= Beginning of Section =

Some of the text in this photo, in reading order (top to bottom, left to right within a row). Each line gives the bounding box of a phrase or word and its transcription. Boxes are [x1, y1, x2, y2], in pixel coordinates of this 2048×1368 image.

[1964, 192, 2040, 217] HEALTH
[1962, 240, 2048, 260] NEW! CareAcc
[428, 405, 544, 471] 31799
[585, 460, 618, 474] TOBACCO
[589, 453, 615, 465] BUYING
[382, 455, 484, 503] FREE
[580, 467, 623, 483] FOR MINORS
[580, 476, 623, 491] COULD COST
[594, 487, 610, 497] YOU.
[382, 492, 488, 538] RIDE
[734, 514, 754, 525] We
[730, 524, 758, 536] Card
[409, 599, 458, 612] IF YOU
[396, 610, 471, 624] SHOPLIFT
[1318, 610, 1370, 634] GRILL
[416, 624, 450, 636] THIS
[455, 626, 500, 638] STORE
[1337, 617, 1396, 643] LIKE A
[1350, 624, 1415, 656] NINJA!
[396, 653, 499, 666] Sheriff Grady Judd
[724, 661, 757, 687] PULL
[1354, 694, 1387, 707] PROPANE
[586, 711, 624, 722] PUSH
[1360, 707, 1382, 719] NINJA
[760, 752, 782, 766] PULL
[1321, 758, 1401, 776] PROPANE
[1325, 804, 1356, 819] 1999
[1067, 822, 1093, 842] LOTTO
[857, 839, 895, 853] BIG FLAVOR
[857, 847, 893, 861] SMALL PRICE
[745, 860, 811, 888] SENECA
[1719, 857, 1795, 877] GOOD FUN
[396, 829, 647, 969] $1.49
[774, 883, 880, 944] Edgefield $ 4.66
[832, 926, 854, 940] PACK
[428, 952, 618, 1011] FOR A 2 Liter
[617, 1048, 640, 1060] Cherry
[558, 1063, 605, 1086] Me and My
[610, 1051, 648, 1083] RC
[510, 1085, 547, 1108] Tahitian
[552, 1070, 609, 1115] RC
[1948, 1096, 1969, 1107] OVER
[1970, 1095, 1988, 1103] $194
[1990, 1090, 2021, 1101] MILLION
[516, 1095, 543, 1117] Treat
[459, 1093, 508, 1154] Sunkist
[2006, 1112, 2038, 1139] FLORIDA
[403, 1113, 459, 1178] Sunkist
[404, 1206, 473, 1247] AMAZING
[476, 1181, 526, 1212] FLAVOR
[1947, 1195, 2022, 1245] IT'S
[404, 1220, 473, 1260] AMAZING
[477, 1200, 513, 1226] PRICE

= End of Section =

PROBLEM DESCRIPTION: Where a line above holds the word "Sunkist", copy it.

WRITTEN RESPONSE:
[459, 1093, 508, 1154] Sunkist
[403, 1113, 459, 1178] Sunkist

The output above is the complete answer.